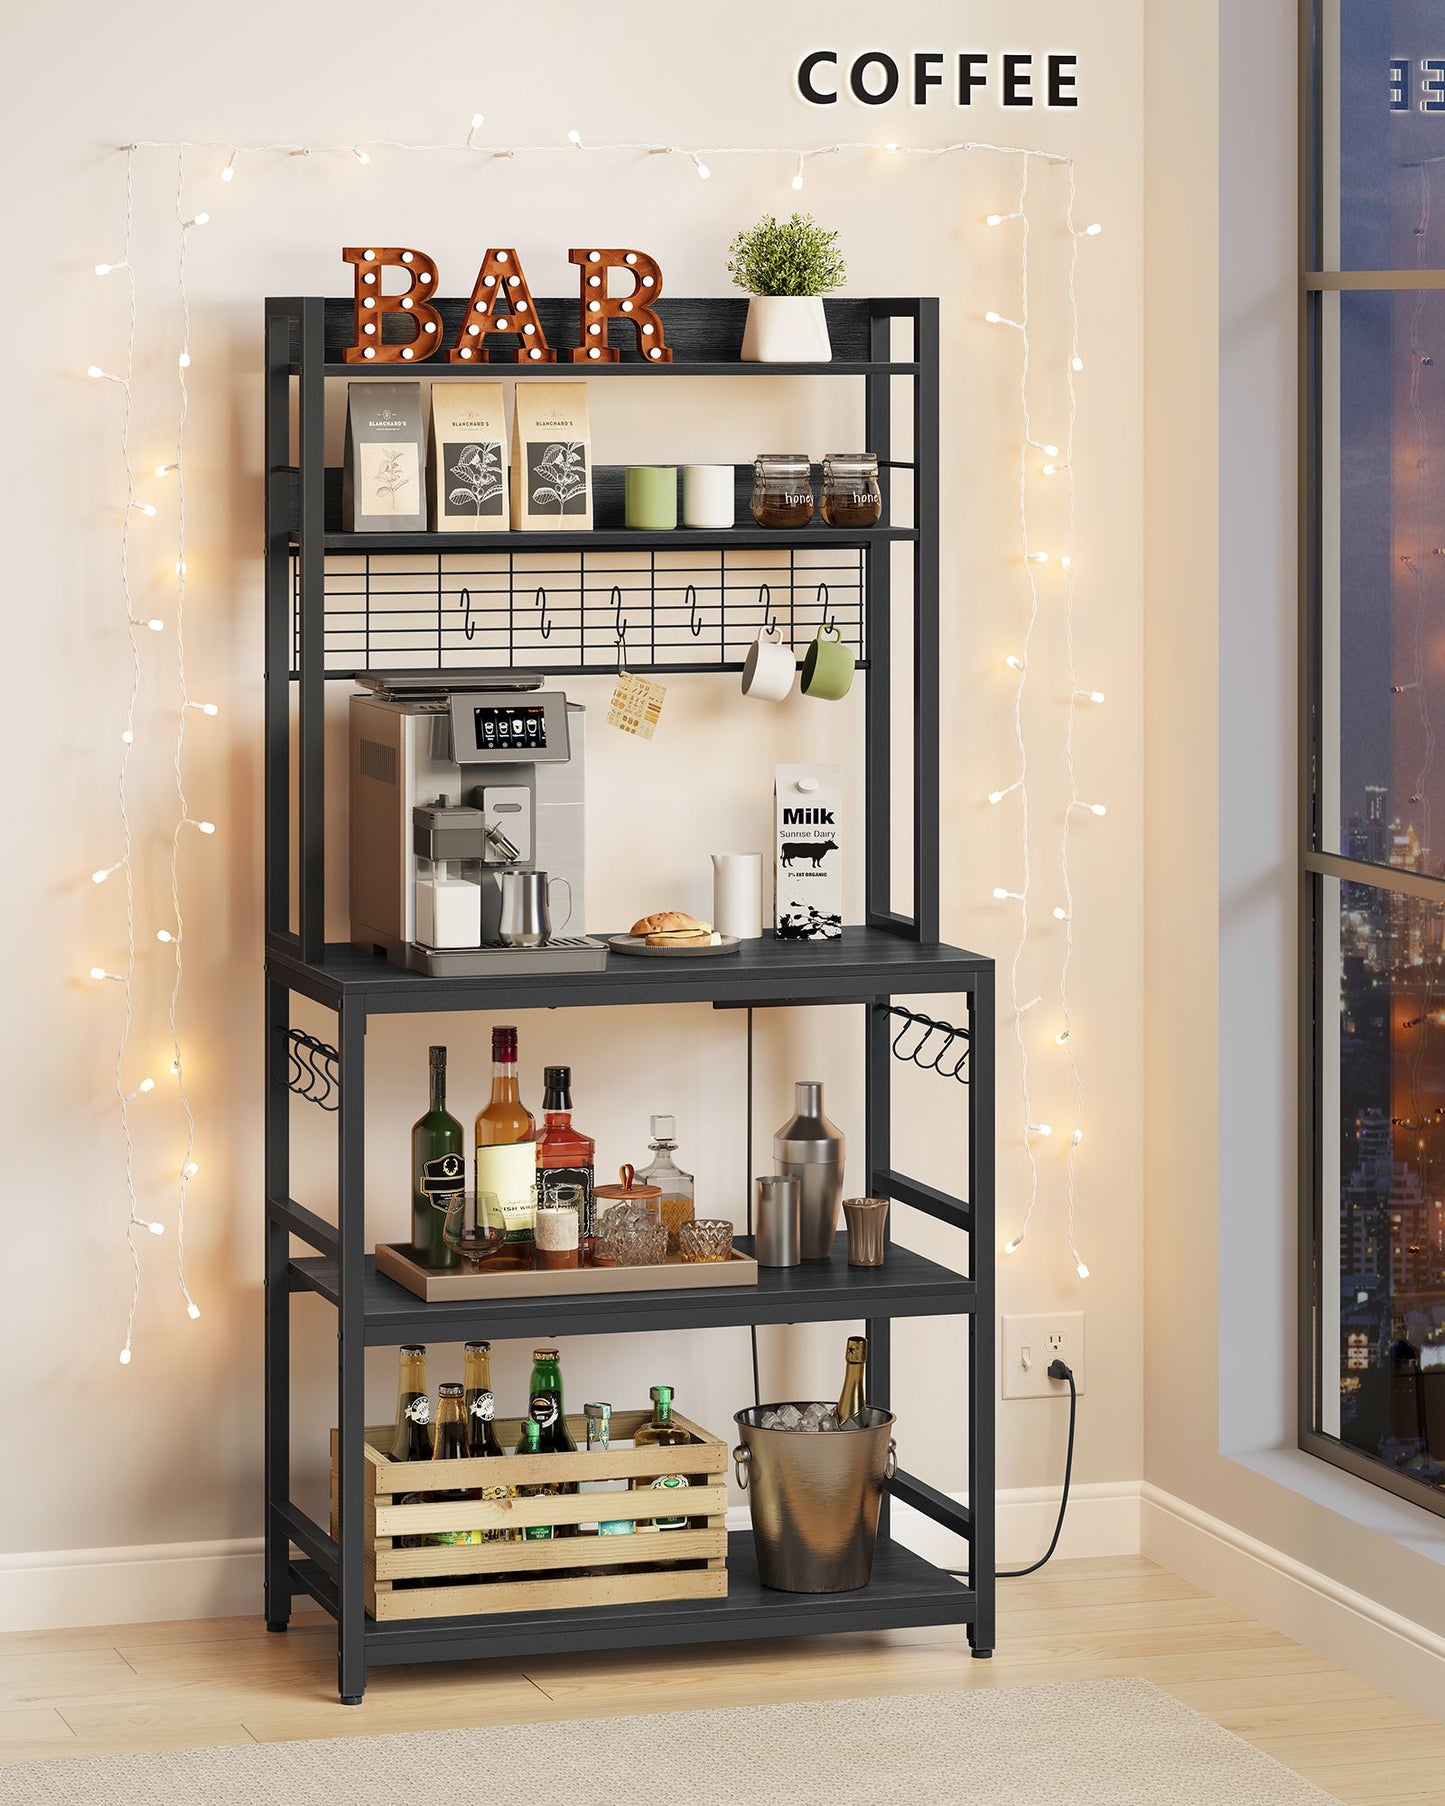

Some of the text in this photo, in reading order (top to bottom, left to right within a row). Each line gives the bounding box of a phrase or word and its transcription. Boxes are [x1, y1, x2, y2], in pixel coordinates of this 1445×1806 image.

[797, 50, 1079, 107] COFFEE
[341, 246, 674, 364] BAR
[785, 491, 814, 507] honey
[783, 807, 835, 825] Milk
[779, 830, 836, 839] Sunrise Dairy
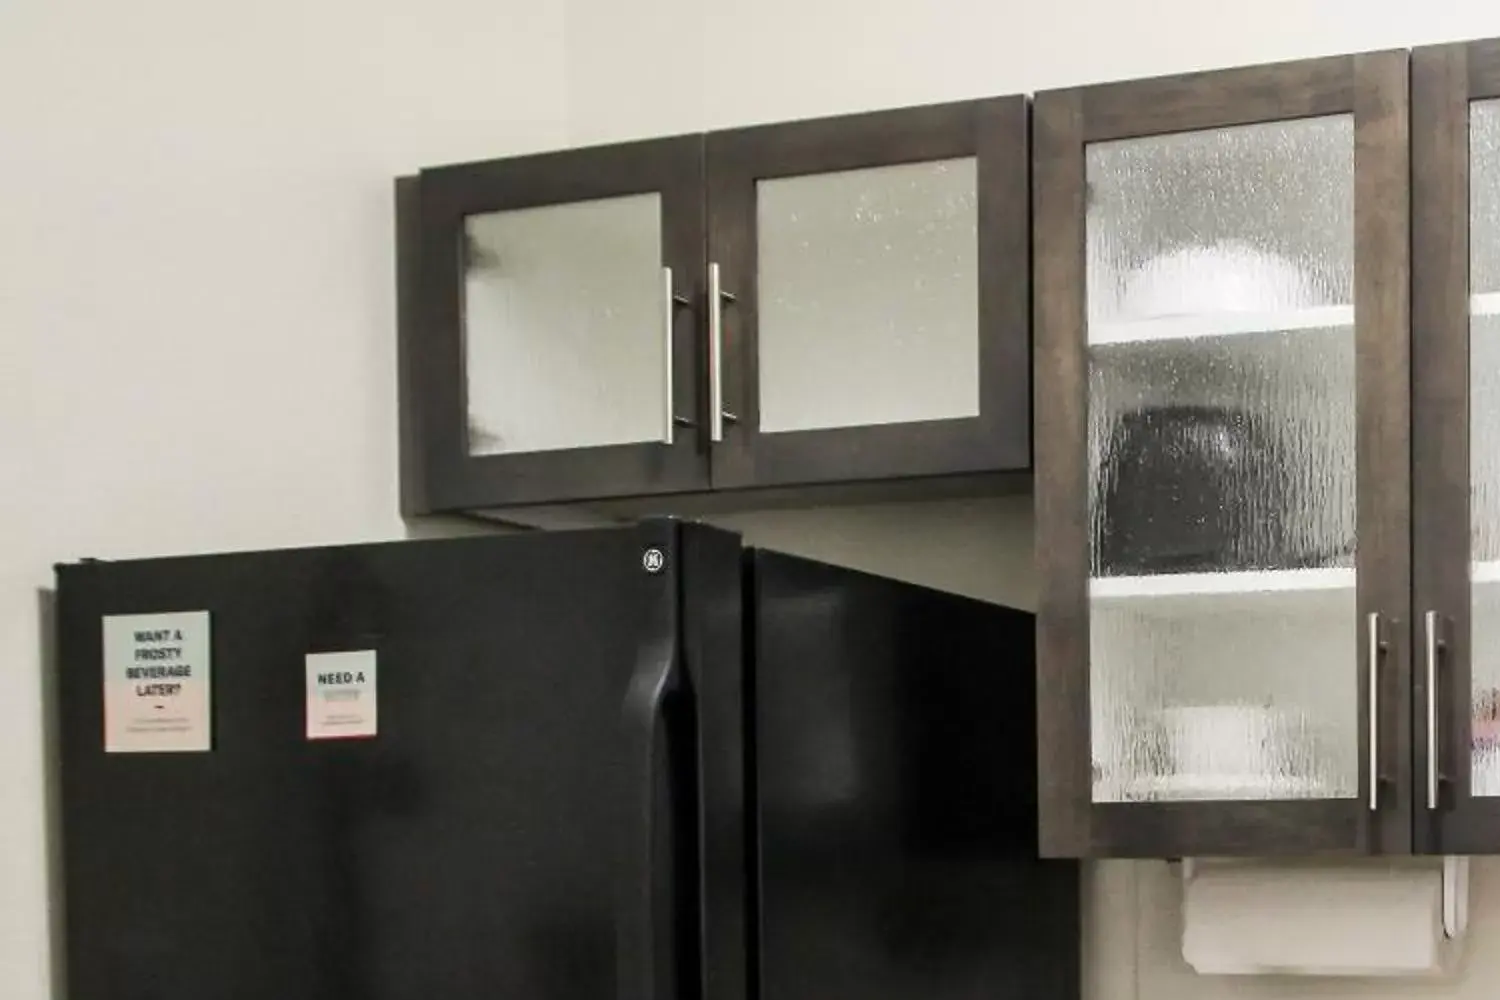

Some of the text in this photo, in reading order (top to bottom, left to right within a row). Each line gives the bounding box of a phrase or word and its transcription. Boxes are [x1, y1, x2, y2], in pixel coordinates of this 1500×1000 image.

[134, 629, 183, 642] WANT A
[134, 647, 182, 661] FROSTY
[125, 665, 192, 679] BEVERAGE
[317, 671, 366, 685] NEED A
[136, 683, 182, 697] LATER?
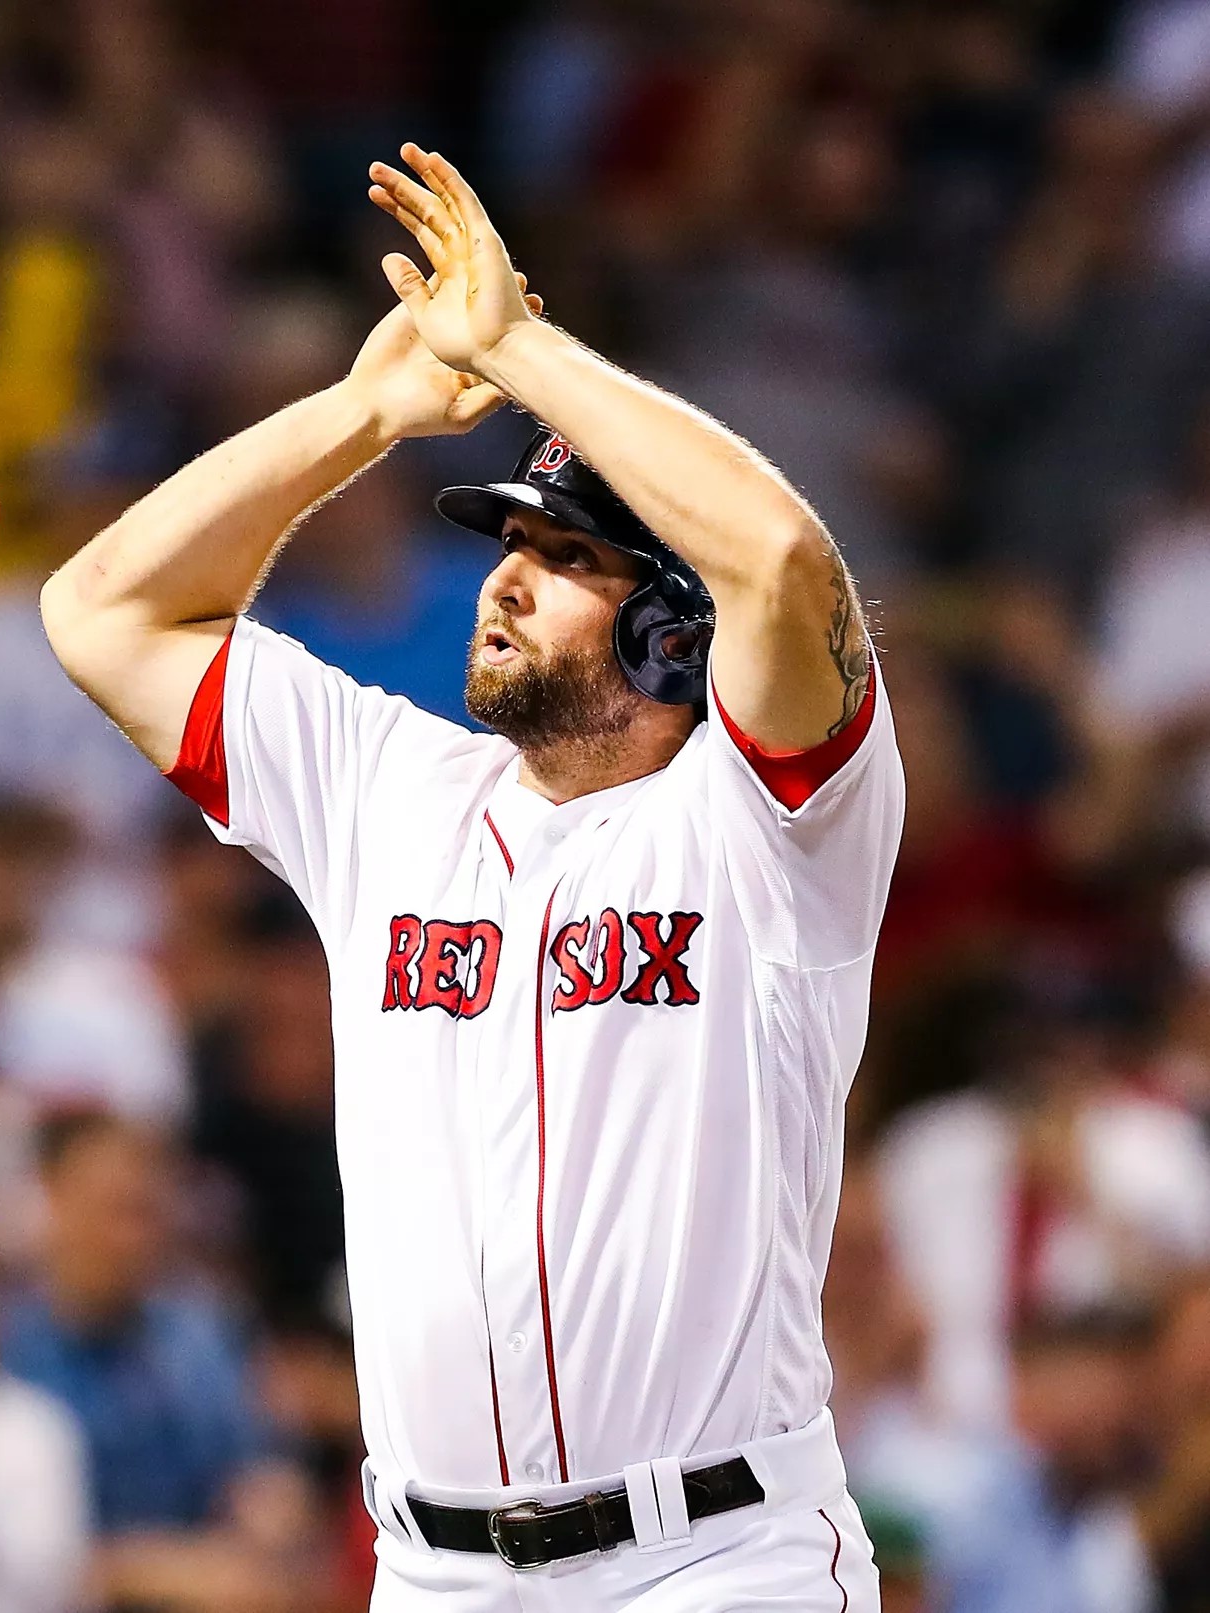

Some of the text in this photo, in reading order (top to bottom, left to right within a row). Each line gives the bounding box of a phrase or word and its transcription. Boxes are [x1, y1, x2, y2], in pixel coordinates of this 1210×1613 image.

[531, 432, 571, 473] B
[382, 907, 704, 1021] RED SOX
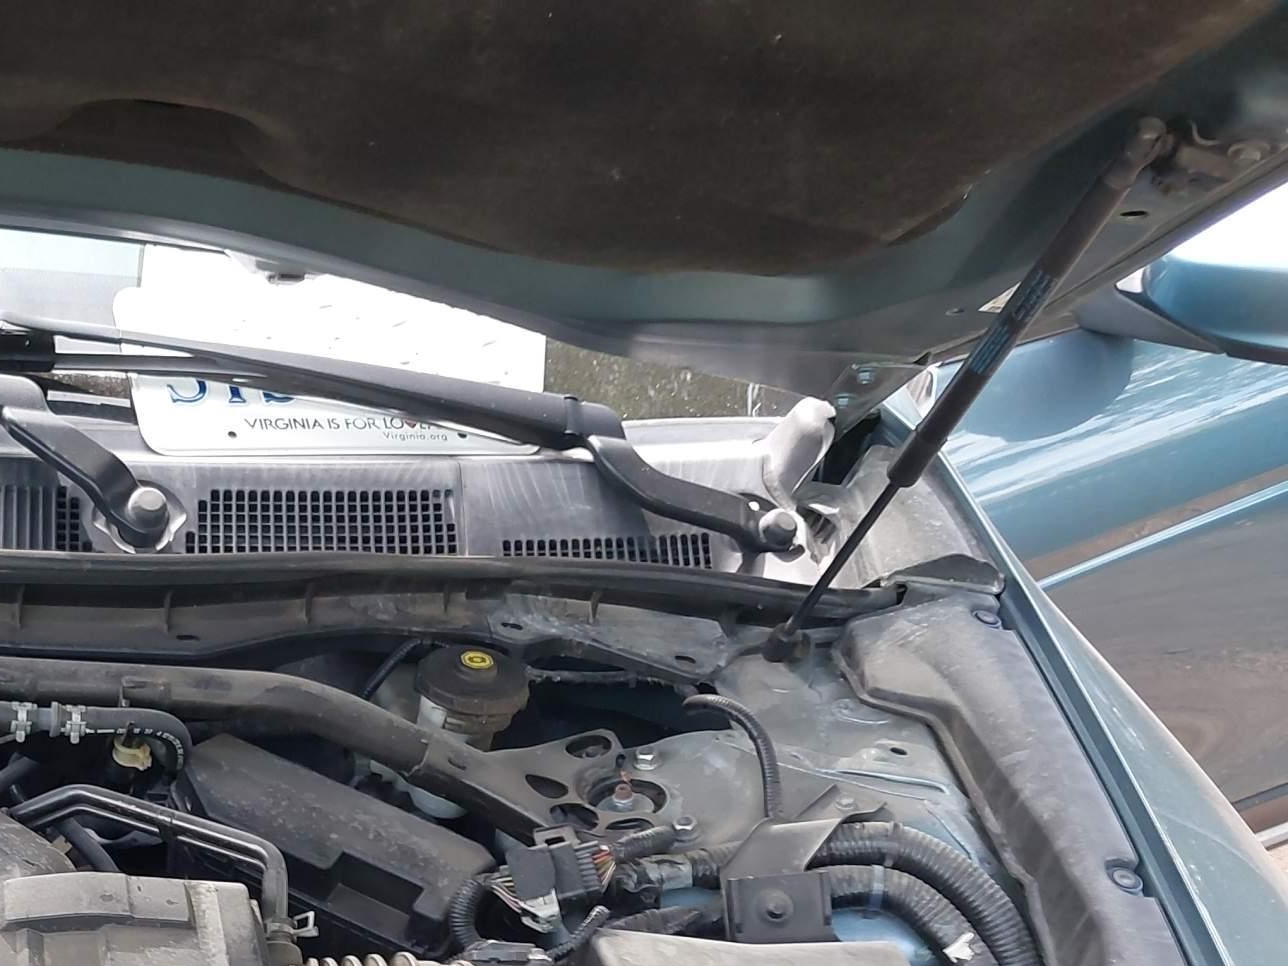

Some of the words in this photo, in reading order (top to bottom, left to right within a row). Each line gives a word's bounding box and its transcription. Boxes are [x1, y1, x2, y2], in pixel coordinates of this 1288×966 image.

[244, 417, 325, 430] VIRGINIA
[327, 418, 341, 430] IS
[344, 418, 380, 430] FOR
[383, 431, 448, 441] Virginia.org
****************************************
**DIRECTIONS**. Give back the material word for word and drop the pictures it holds.

**TASK SOLUTION**.
Some of the text in this photo, in reading order (top to bottom, left to right within a row). Each line gives the bounding box of a phrase or word and its transcription. Boxes are [x1, y1, x2, y2], in pixel coordinates of this 1445×1806 image.

[797, 50, 1079, 107] COFFEE
[341, 246, 674, 364] BAR
[785, 491, 814, 507] honey
[783, 807, 835, 825] Milk
[779, 830, 836, 839] Sunrise Dairy

Some of the text in this photo, in reading order (top to bottom, left to right within a row). Each line gives the bounding box of a phrase or word and its transcription. Boxes are [x1, y1, x2, y2], in pixel coordinates of this 1500×1000 image.

[134, 629, 183, 642] WANT A
[134, 647, 182, 661] FROSTY
[125, 665, 192, 679] BEVERAGE
[317, 671, 366, 685] NEED A
[136, 683, 182, 697] LATER?

Some of the text in this photo, in reading order (top to bottom, left to right within a row). Each line gives the bounding box of a phrase or word and its transcription. Boxes are [x1, y1, x2, y2], in pixel coordinates of this 1210×1613 image.

[531, 432, 571, 473] B
[382, 907, 704, 1021] RED SOX

Some of the words in this photo, in reading order (top to bottom, left to right within a row). Each line gives a word's bounding box and its transcription. Boxes are [x1, y1, x2, y2], in pixel coordinates of this 1288×966 image.

[244, 417, 325, 430] VIRGINIA
[327, 418, 341, 430] IS
[344, 418, 380, 430] FOR
[383, 431, 448, 441] Virginia.org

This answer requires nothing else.